''Don't sweat it'' became words to live by after Willis Carrier invented his modern lifesaver 100 years ago today.
By BILL DURYEA
© St. Petersburg Times, published July 17, 2002
TAMPA -- The owner of a new mansion on Davis Islands called in a problem to Castellano Air Conditioning on Tuesday.
The 2-ton handler dedicated to the sprawling master bedroom and bath suite seemed to be lagging behind the rest of the 6,400-square-foot house. The thermostats were all reading 77 degrees, but the bedroom felt hotter, the owner said.
It's hard to know whether this level of finickiness was envisioned by Dr. Willis Carrier when he invented air conditioning 100 years ago today. How could he have known that when he solved the ventilation and cooling problems of a printing plant in Brooklyn, N.Y., he would beget a modern convenience that made development of the Sun Belt possible and extended the lives of the heat-battered people who live there?
Tommy Castellano, a 28-year veteran of the business and a man who grew up in West Tampa with only open windows to get cool by, knows well that we live and die by degrees.
"I don't understand how people survived without it," Castellano said. But it's so pervasive now, he's even installed air conditioning for a chicken coop.
"Come to find out it was illegal cockfighting," he said. "Roosters wouldn't fight if it was hot."

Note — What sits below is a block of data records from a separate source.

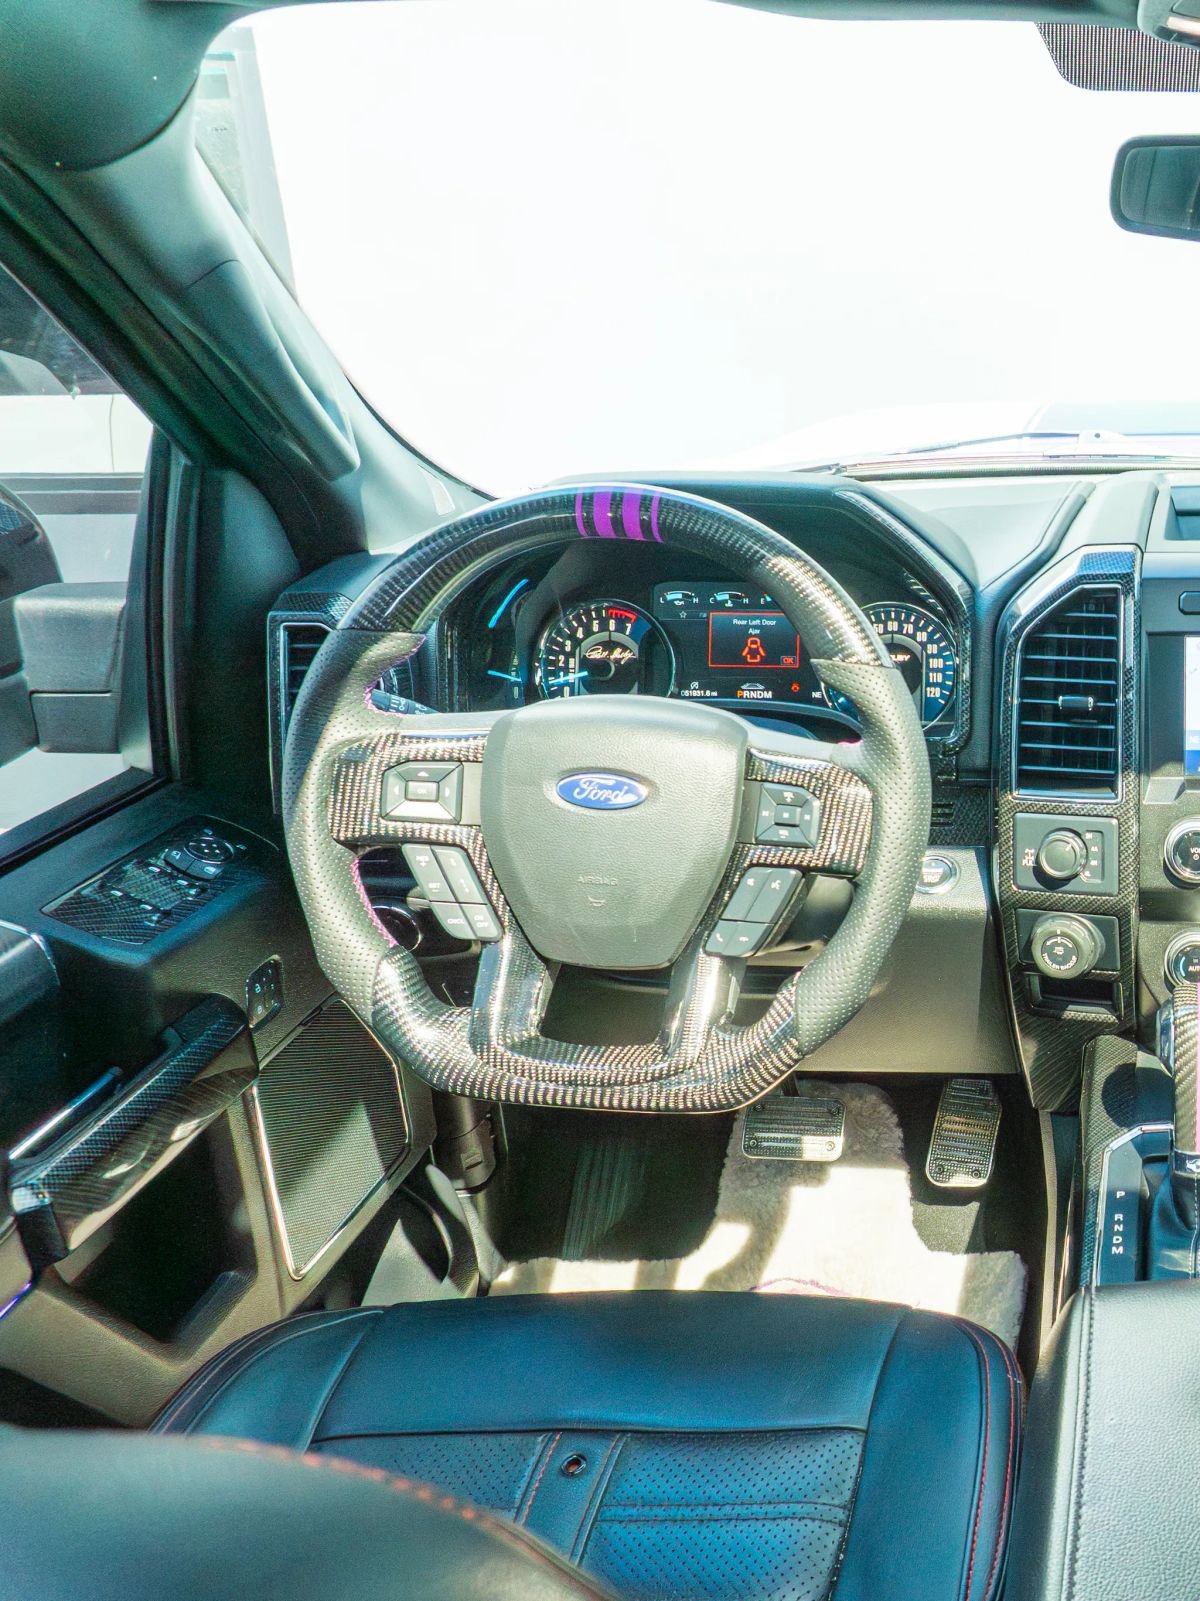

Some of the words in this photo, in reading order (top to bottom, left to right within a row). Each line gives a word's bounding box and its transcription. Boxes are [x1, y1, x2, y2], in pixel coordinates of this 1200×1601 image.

[592, 620, 599, 632] 5
[608, 620, 616, 631] 6
[625, 623, 632, 636] 7
[887, 621, 899, 632] 60
[902, 623, 914, 635] 70
[576, 627, 584, 639] 4
[565, 640, 571, 652] 3
[558, 655, 565, 667] 2
[929, 658, 944, 669] 100
[928, 672, 943, 683] 110
[812, 691, 823, 699] NE
[926, 686, 941, 698] 120
[572, 777, 639, 805] Ford
[1116, 1191, 1126, 1199] P
[1114, 1224, 1123, 1232] N
[1113, 1236, 1122, 1244] D
[1111, 1246, 1124, 1255] M
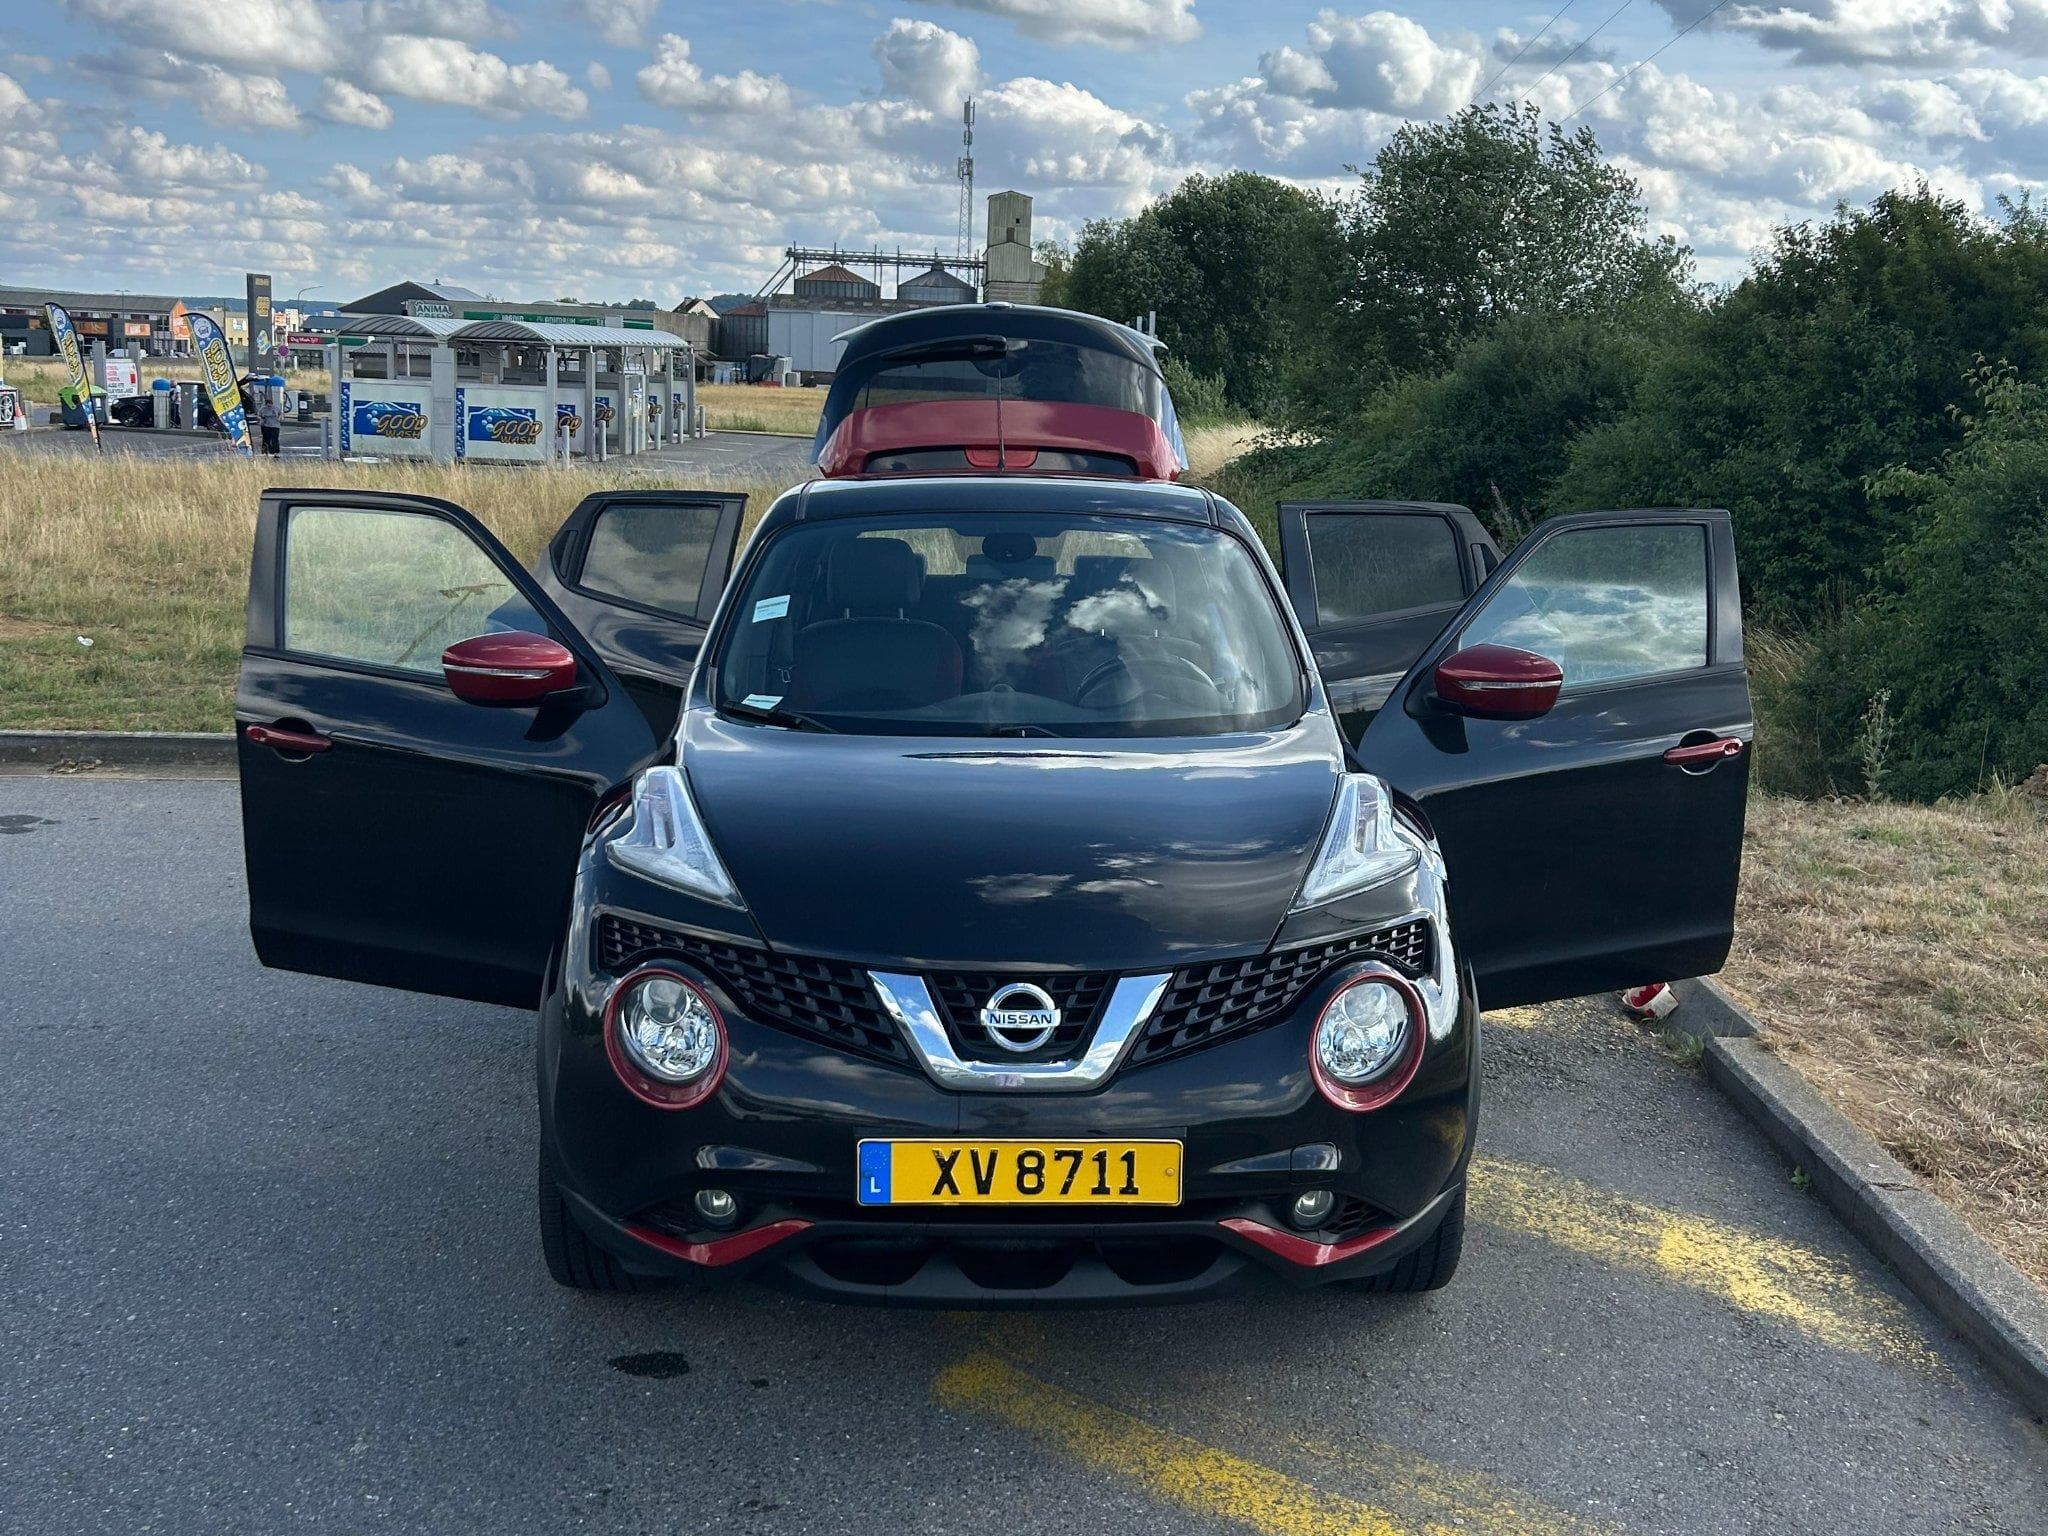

People seem to have lost their tolerance for heat, too.
Castellano remembers the desperation in the voice of the man who called once at 2 a.m., demanding immediate service because his son was in a full-body cast. Castellano took that call only to find out the man didn't have a child at all, much less one sweating in head-to-toe plaster.
Every call now is an emergency on some level. This explains why Castellano's business cards list his home number for emergency service and why one of his 16 repairmen is on call 24 hours a day.
"Used to be people would wait three days for a repairman, no problem," he said. "Now, people don't have to wait anymore. There's about 800 companies in the phone book. We've gone out on calls and there's already another company there. People are dialing every name in the book, seeing who shows up first."
Steve Bingham's first call of the day was the house on Davis Islands. He knew the house well because Castellano had installed the 12-ton system (Carrier, by the way) in May.
Bingham, 38, has felt the wrath of a perspiring homeowner before. He has also seen the same person bow in gratitude as soon as he knocks on the door.
"We're like saviors. You can last the day without a shower," he said. "But on a day like today, you're not going to last without a/c."
Bingham pulled into the driveway in an old Nissan pickup whose air conditioning benefits from regular rest. He went straight for the whopping condensers at the side of the house. They were humming nicely.
He climbed the stairs to the master bedroom and the closet where the handlers are located. His handheld thermostat indicated they were cooling just fine. He checked the filter in the ceiling return.
"Kind of dirty," he said.
The problem, he diagnosed, was that the door to the bedroom (which has a wall of west-facing windows) had been left open.
He closed the door and after a few minutes watched the numbers on the thermostat fall.
"Everything's blowing and going," he said, heading to his next call. "Wasn't nothing to that."
In 1851, Dr. John Gorrie of Apalachicola patented his steam-powered ice machine. He had the idea to pump air over a bucket of ice to cool malaria patients at the U.S. Marine Hospital. Gorrie discovered that ice would form on the internal coils of the machine. His refrigeration ideas were ridiculed, and he died destitute in 1855.
Willis Haviland Carrier improved on that concept and developed a refrigeration unit that could reliably control humidity and temperature. On July 17, 1902, Carrier's plan was put to work at the Sackett-Wilhelms Lithographic and Publishing Co. in Brooklyn, N.Y. The age of air conditioning began.
In the 1910s and '20s, department stores and movie palaces were among the first public gathering places to take advantage of the technology.
Congress was air-conditioned in 1928; the White House in 1929.
After World War II, great numbers of ordinary Americans began to live in air-conditioned homes. In 1960, 12 percent of the nation's homes were air-conditioned; now, 80 percent are -- and 96 percent in the South.
A Frigidare room air conditioner was advertised for $331.90 in July 1952 in the St. Petersburg Times. Earlier this month, a Maytag room air conditioner was advertised for $118.
Automotive air conditioning was not an instant hit -- only 10,500 cars were sold with the option by 1953.
In 1997, Florida households spent $1.8-billion just on air conditioning, according to latest federal statistics -- an average of $338 per home year.